[What this task involves]: Among the entries below, how many lines include "words"? Answer with the number only.
Extracted data Block Start
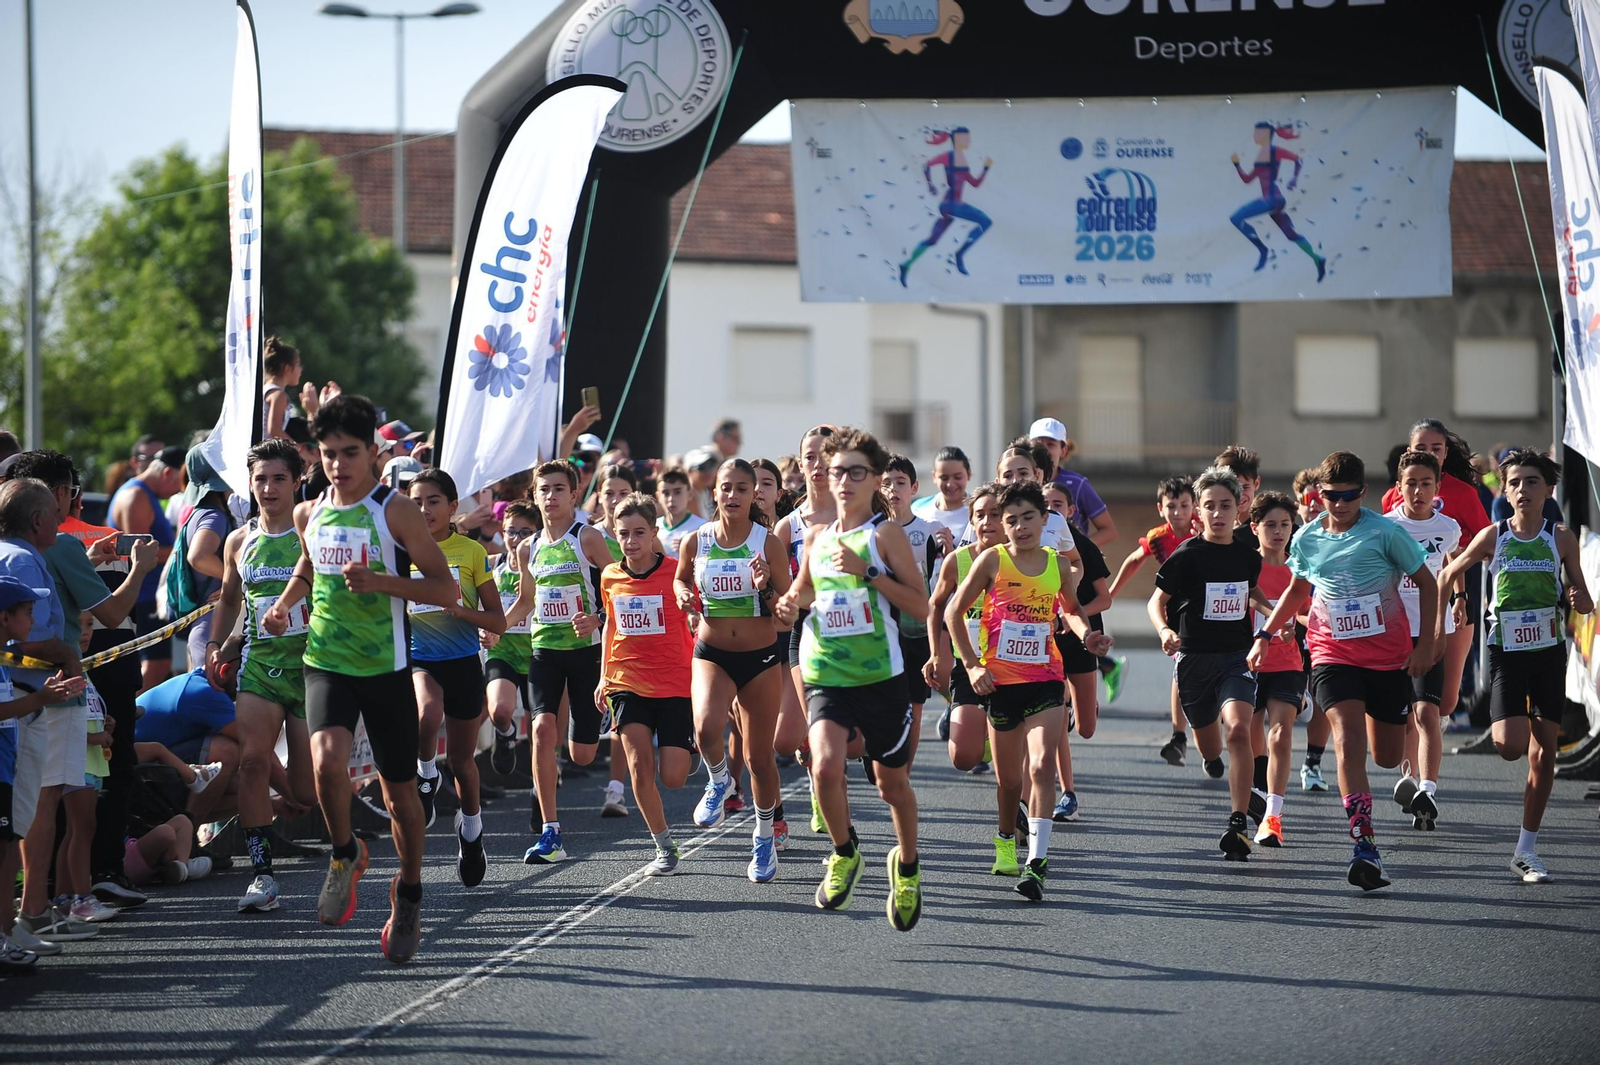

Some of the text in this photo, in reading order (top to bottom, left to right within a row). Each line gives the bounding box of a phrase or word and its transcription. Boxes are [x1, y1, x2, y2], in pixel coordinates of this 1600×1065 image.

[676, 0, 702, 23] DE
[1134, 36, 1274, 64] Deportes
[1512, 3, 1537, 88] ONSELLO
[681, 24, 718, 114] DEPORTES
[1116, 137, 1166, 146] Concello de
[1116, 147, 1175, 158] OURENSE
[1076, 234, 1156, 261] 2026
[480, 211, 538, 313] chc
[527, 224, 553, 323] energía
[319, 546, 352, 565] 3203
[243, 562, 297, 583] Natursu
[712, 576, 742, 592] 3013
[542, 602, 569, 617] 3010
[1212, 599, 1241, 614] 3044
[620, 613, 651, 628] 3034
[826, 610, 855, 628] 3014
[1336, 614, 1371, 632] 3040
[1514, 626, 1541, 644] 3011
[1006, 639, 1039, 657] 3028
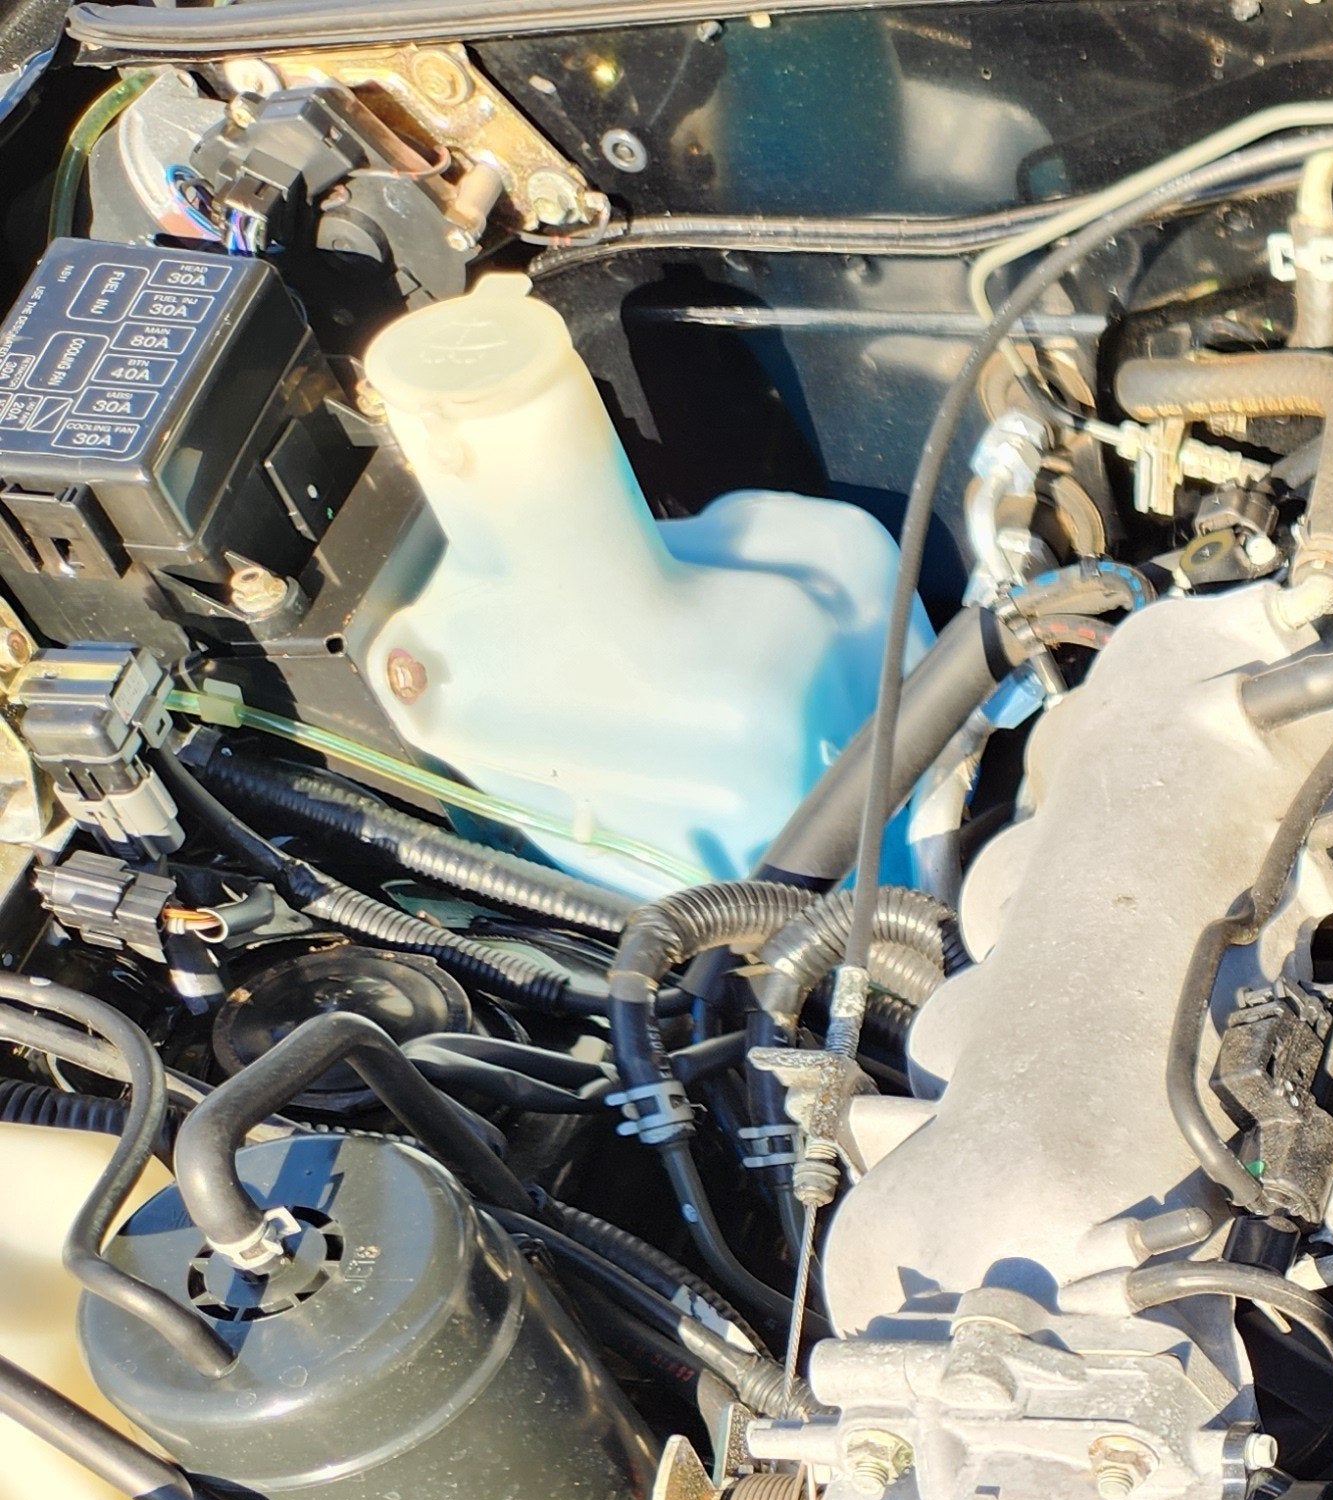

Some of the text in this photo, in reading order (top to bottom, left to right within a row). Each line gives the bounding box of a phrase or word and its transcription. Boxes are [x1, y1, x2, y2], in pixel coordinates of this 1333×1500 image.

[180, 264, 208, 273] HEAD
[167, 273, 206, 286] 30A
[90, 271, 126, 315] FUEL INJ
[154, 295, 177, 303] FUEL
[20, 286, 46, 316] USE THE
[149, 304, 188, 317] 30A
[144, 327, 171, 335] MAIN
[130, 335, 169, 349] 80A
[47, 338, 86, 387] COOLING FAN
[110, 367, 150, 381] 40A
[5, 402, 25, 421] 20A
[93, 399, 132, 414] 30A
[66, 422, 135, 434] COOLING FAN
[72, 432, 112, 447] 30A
Extracted data Block End
Extracted data Block Start
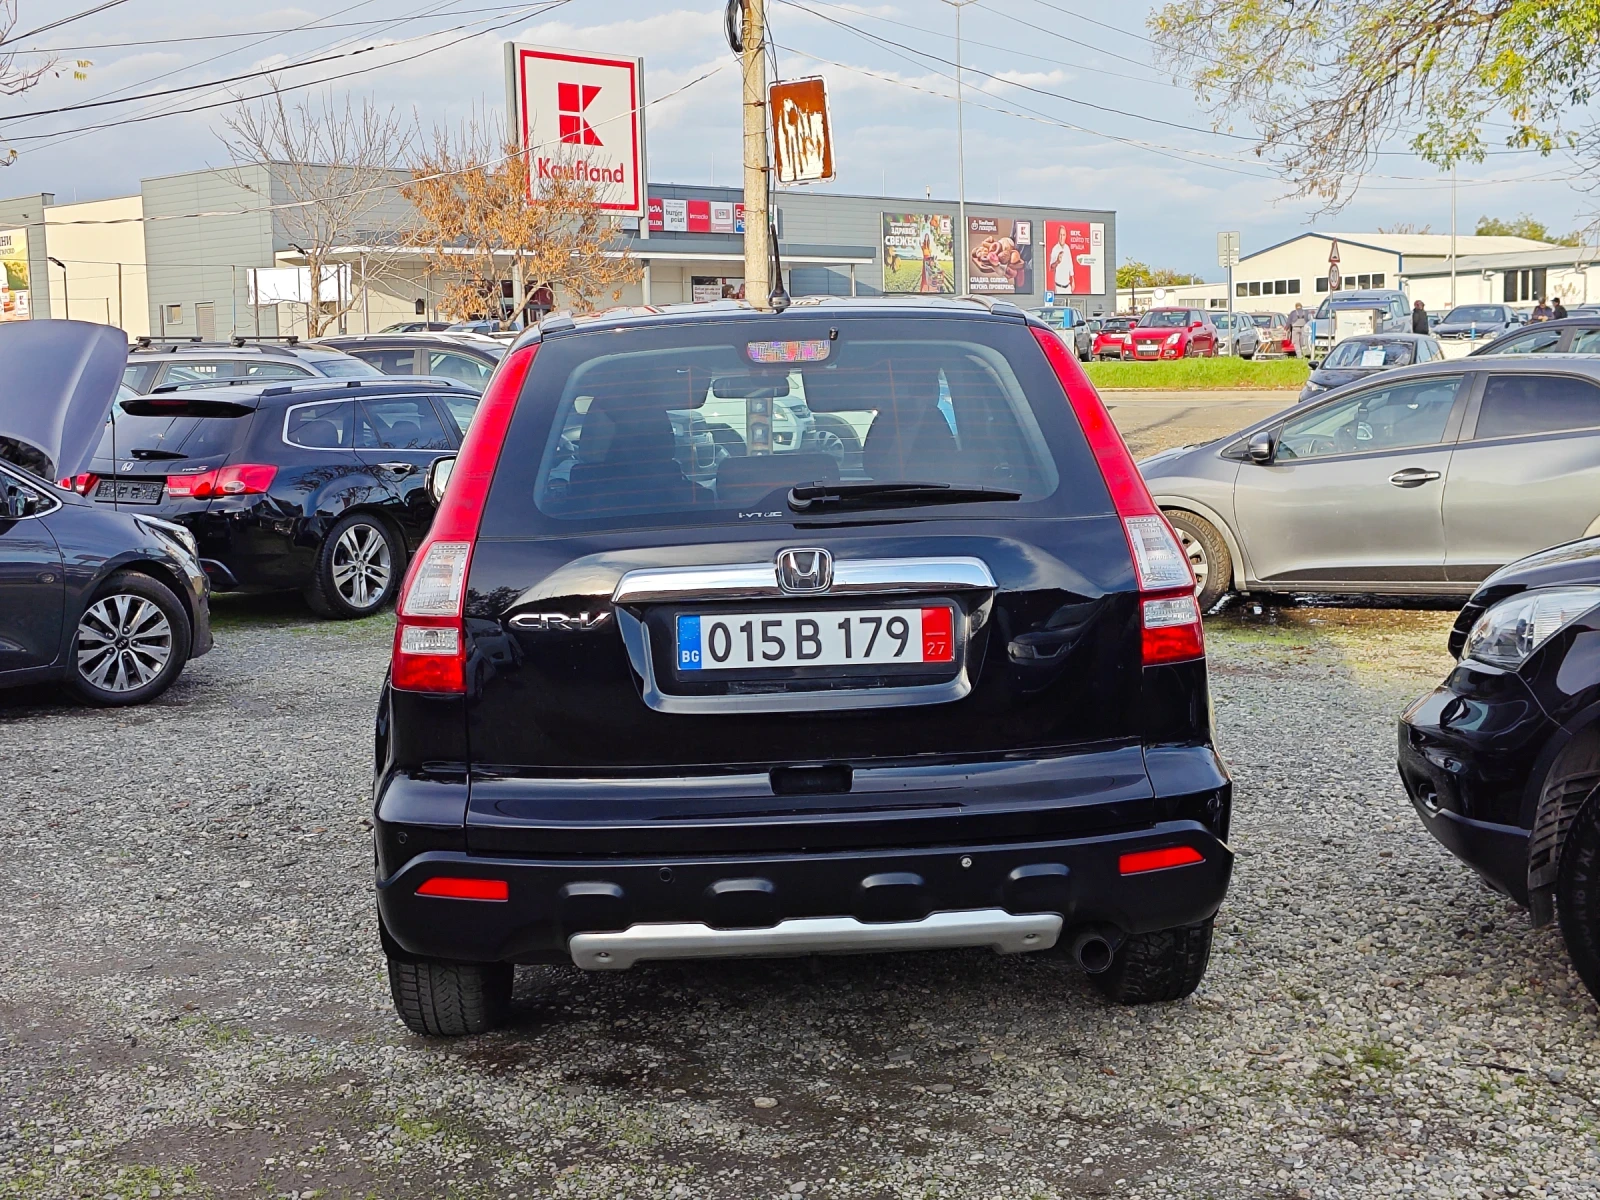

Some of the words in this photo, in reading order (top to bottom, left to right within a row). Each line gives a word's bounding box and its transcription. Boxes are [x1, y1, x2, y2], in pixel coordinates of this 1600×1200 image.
Extracted data Block End
Extracted data Block Start
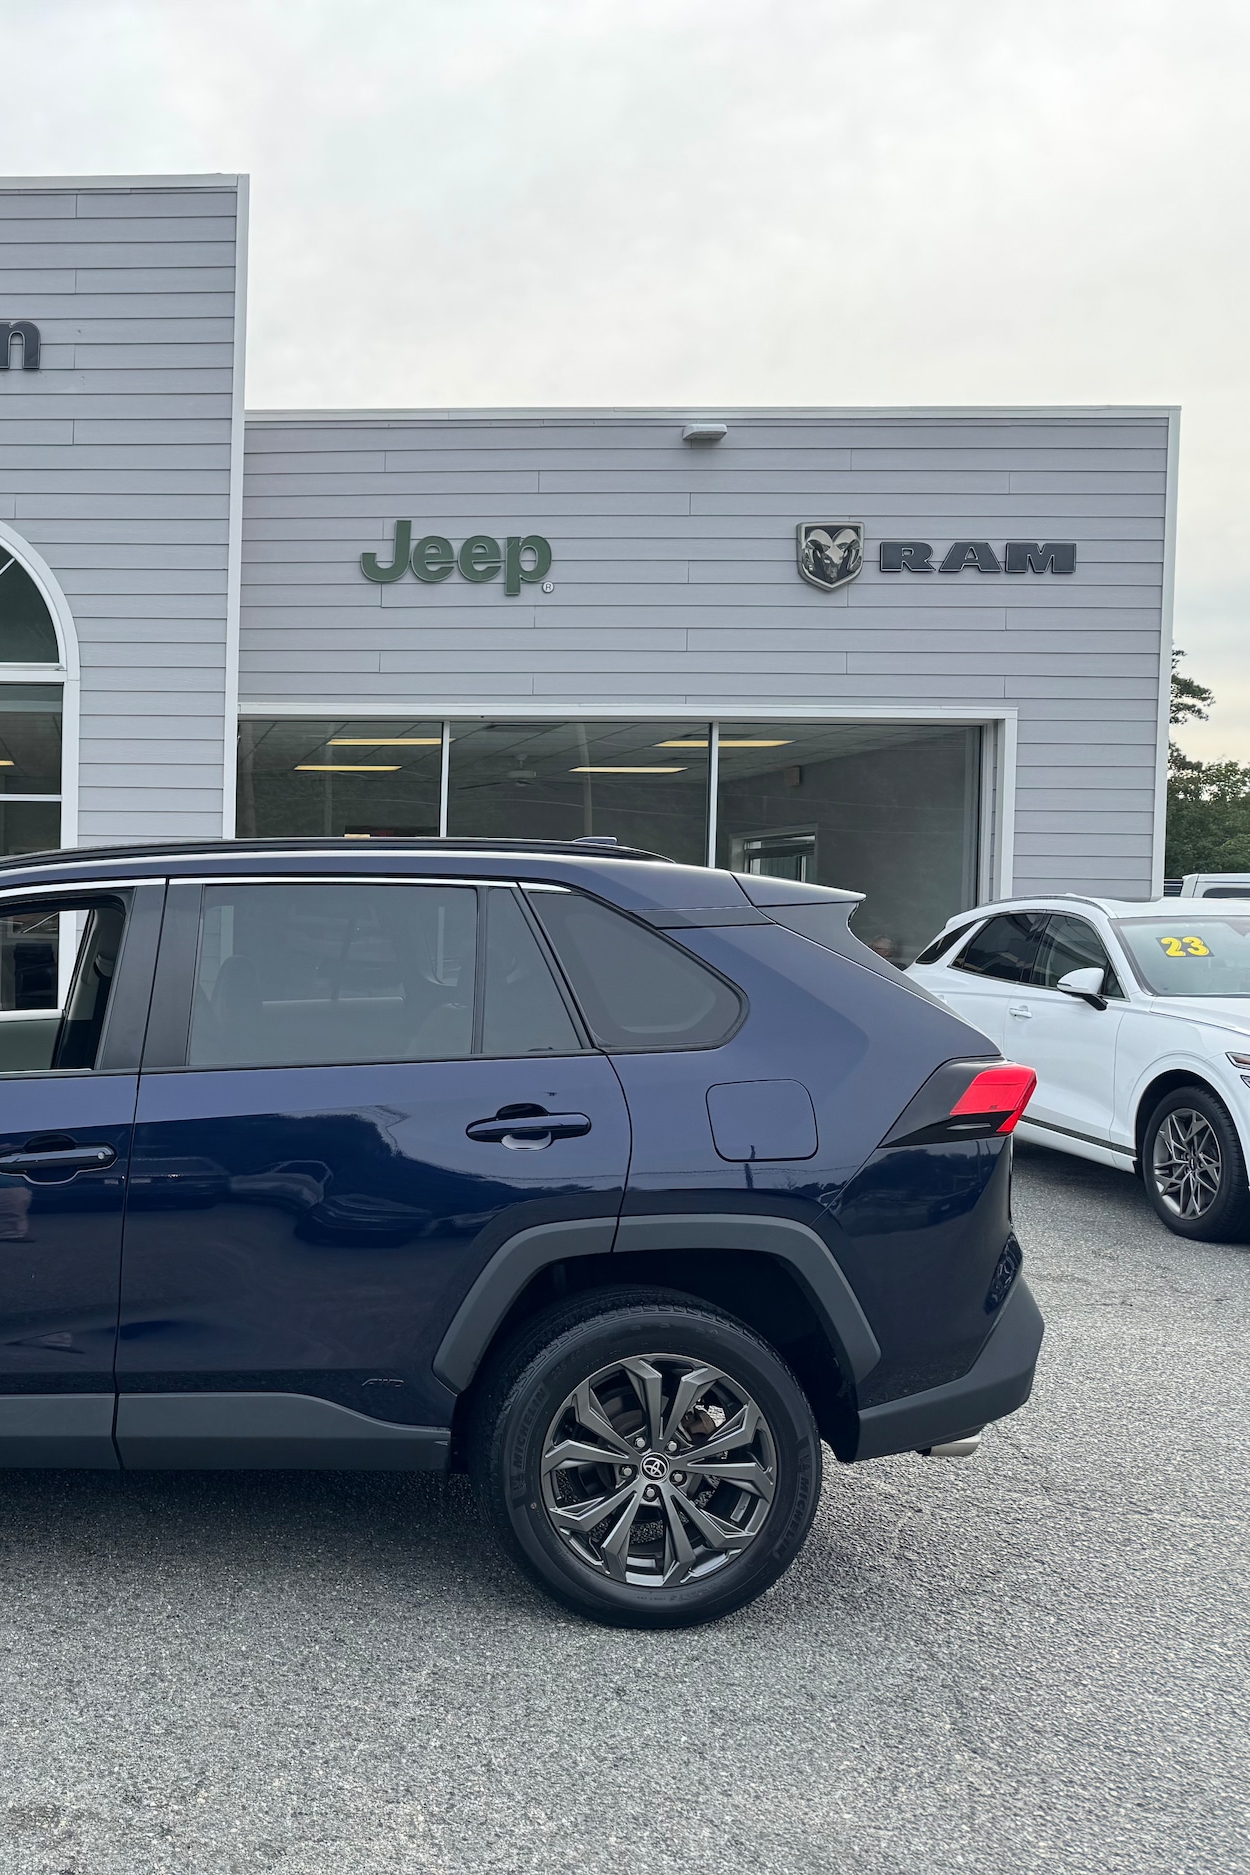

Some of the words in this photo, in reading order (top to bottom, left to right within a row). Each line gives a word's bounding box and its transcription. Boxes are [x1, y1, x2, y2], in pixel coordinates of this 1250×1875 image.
Extracted data Block End
[Reply]: 2